(Collected data)
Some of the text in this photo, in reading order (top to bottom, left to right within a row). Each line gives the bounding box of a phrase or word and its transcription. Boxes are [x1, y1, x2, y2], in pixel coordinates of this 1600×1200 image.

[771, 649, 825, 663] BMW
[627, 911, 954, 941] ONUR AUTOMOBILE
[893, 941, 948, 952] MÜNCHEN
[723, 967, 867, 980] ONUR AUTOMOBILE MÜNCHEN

## Work order
Nothing above should be left out; write out every record exactly.

## Your solution
Some of the text in this photo, in reading order (top to bottom, left to right within a row). Each line gives the bounding box of a phrase or word and its transcription. Boxes are [x1, y1, x2, y2], in pixel coordinates of this 1600×1200 image.

[771, 649, 825, 663] BMW
[627, 911, 954, 941] ONUR AUTOMOBILE
[893, 941, 948, 952] MÜNCHEN
[723, 967, 867, 980] ONUR AUTOMOBILE MÜNCHEN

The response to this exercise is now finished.